A new report published by the Center for Drug Evaluation and Research (CDER) shows that while approvals of new molecular entities (NMEs) dipped in 2013 relative to 2012, trends appeared to have held steady compared to the turbulence and uncertainties of the last decade.
The report, Novel New Drugs: 2013 Summary, observes that FDA approved 27 new drugs in 2013, down from 39 in 2012 and about even with the 30 approved in 2011. The 2013 total is also higher than the number of approvals in any year between 2005 (20) and 2010 (21).
But FDA can only approve a NME-essentially a drug that has never before been approved for an indication-for which it has received applications. When assessed as an approval percentage of applications received, 2013 was a decidedly more average year for drug approvals.
Consider the following chart:
By this analysis, 2013 was the fourth-best year for drug approvals by percentage since 2005, and was almost identical to 2008 and 2009 when it received and approved nearly the same number of NMEs.
But buried within those numbers are other notable achievements. For example, a third (33%) of all NMEs approved in 2013 were for orphan or rare disease indications, defined as diseases affecting fewer than 200,000 patients in the US.
"This is significant because patients with rare diseases often have few or no drug treatment options," the report explains. Out of all drugs approved, a third were also first-in-class drugs, meaning they exhibited new and unique mechanisms of action that had never before been tried against any disease or treatment indication. To FDA, this was a strong indication that the drug applications it is receiving are highly innovative. Comparable rates for prior years were not available.

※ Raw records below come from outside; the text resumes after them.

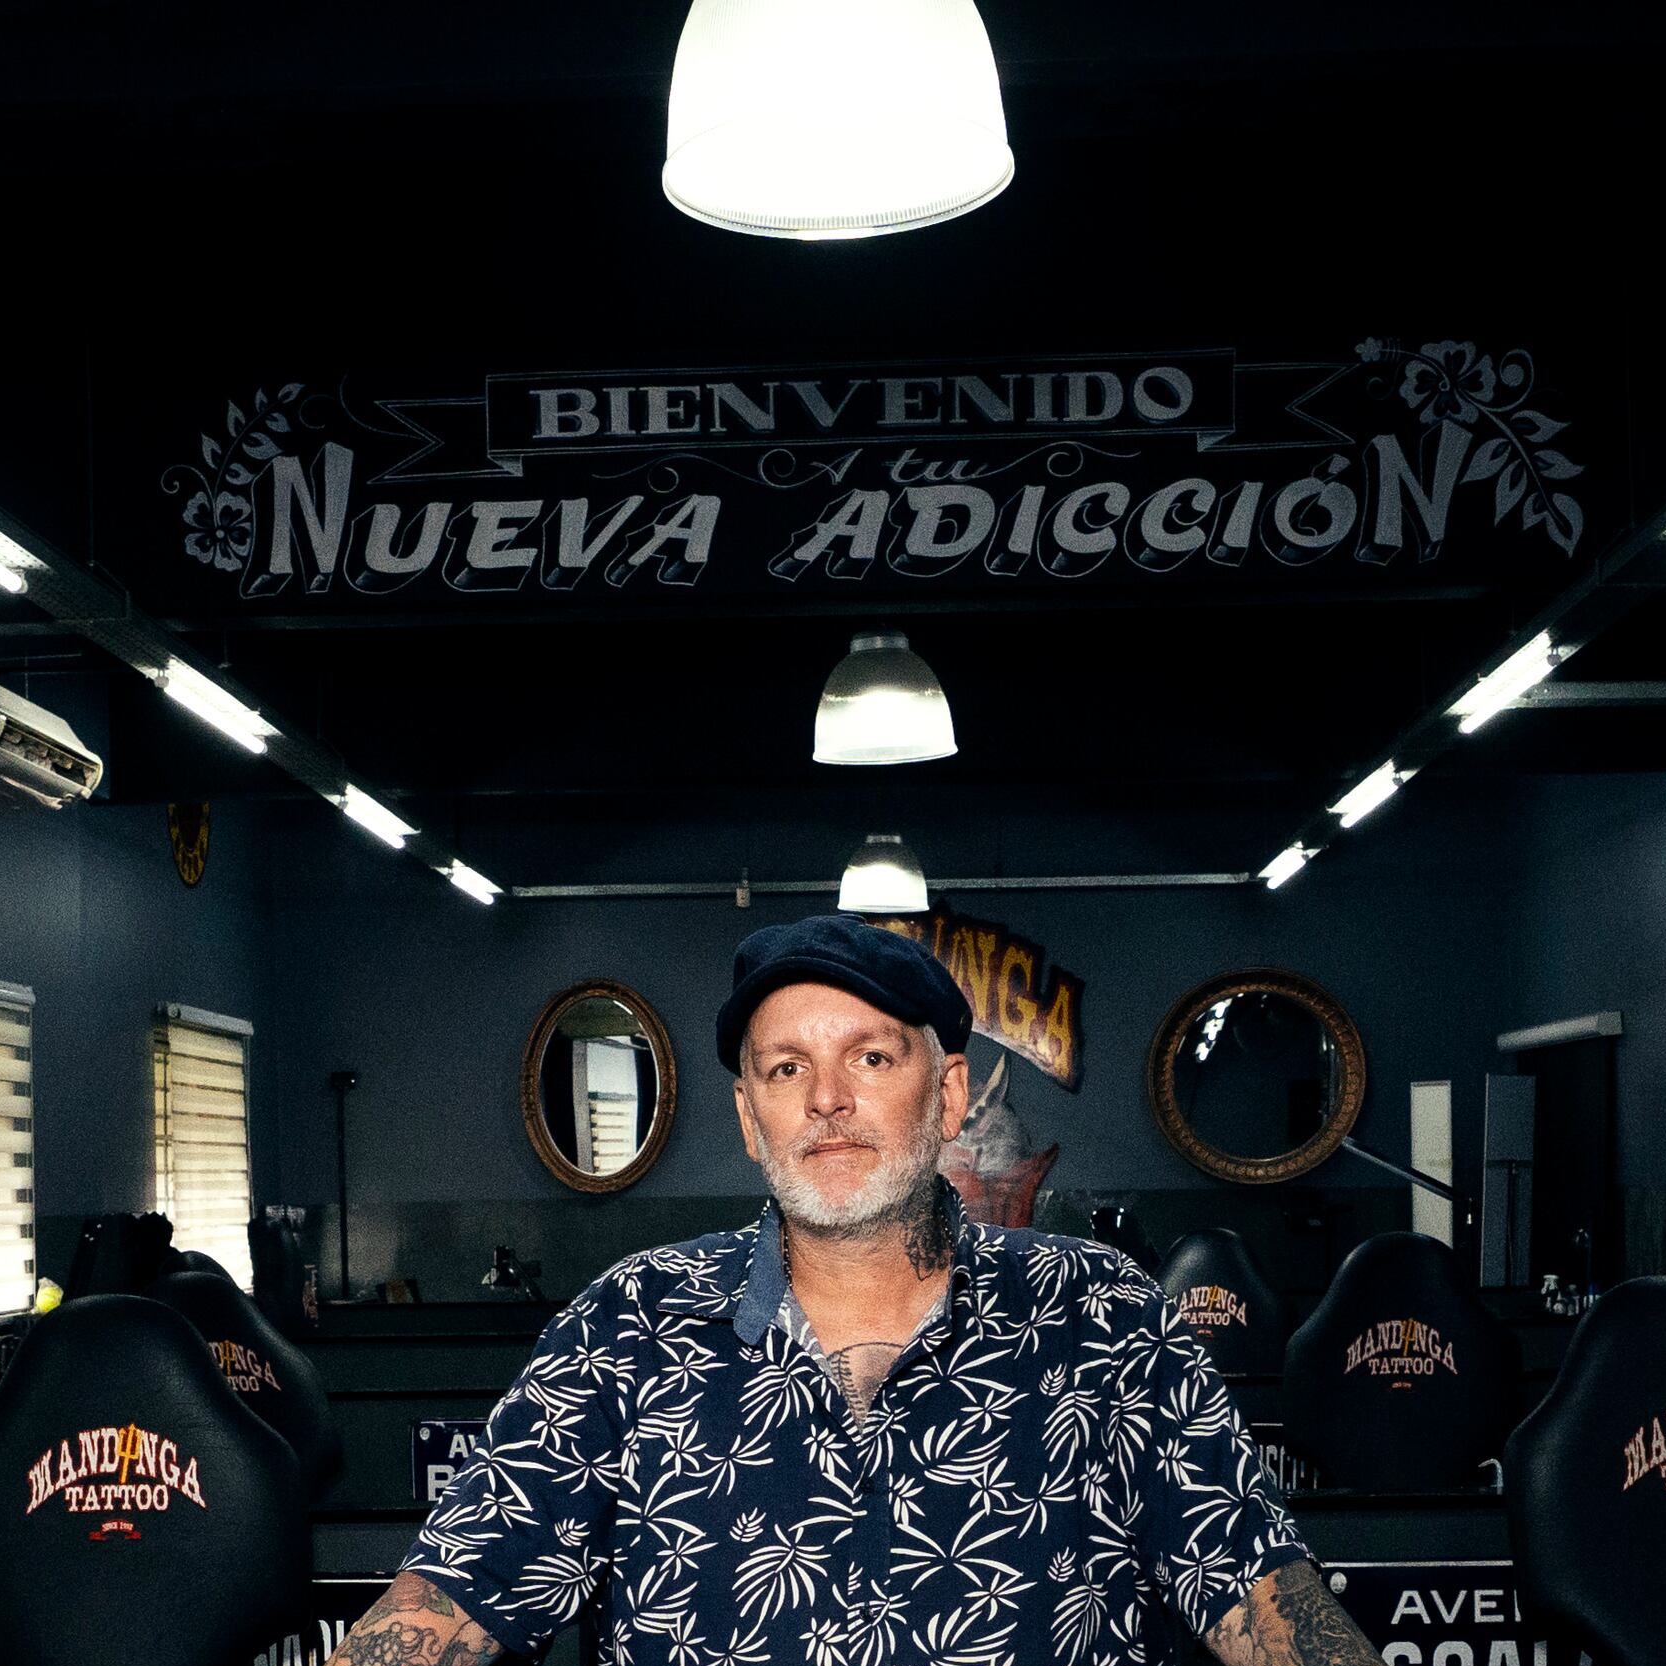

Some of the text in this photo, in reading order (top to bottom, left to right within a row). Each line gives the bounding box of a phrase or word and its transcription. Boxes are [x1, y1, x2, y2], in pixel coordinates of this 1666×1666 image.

[530, 366, 1194, 439] BIENVENIDO
[885, 448, 985, 484] tu
[243, 418, 1475, 598] NUEVA ADICCIÓN
[1179, 1284, 1247, 1327] ANDINGA
[1368, 1356, 1434, 1375] TATTOO
[65, 1483, 170, 1513] TATTOO
[1390, 1589, 1522, 1625] AVE

FDA also used many of its expedited review pathways to review drugs this year. Ten drugs (37%) were reviewed using the fast track designation, three (11%) were given breakthrough product designation, 10 (37%) were given priority review designation, and two (7%) were given accelerated approvals. Thirteen drugs were given more than one designation, FDA said.

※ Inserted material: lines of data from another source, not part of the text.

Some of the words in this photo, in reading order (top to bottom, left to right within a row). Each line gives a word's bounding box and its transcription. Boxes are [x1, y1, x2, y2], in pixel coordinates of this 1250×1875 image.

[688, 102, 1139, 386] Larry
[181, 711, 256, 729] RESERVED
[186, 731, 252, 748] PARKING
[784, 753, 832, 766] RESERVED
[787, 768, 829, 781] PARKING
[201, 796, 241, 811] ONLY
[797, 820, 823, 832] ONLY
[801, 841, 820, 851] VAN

"Each of these designations helps expedite the speed of the development and/or approval process and is designed to help bring important medications to the market as quickly as possible," the report explained.
But just as eventual approval of a drug is important to its sponsor, so too is the predictability of the timing of that approval. In this regard, FDA said it was especially successful, as it managed to approve all 27 drugs under their agreed-upon Prescription Drug User Fee Act (PDUFA) goal dates in 2013. Twenty-four of the 27 drugs were also approved during their first review cycle, meaning no complete response letters (CRLs) were issued. Those letters typically request more data or raise significant questions about the quality of an application, and can sometimes take years to address.
By another measure, FDA also had a rather successful year: First-in-world approvals. Seventy-four percent of NMEs approved in 2013 were approved in the US before anywhere else in the world-a point of pride for US regulators.
"The report speaks volumes on the work that you all do directly or indirectly to support our goal to ensure that our reviews remain efficient and of high-quality," said John Jenkins, director of CDER's Office of New Drugs (OND), in a letter to FDA staff. "It also reflects CDER's willingness to exercise regulatory flexibility and creative approaches to help industry meet our standards-without lowering them-so that we may continue to provide medicines to patients in need."
That last point-that it's not all about speed, but rather safety and efficacy-was emphasized in the report as well. "In all cases, while striving for efficiency of review and approval of applications for new drugs, CDER does not compromise its standards for demonstration of effectiveness and safety in the process," FDA concluded.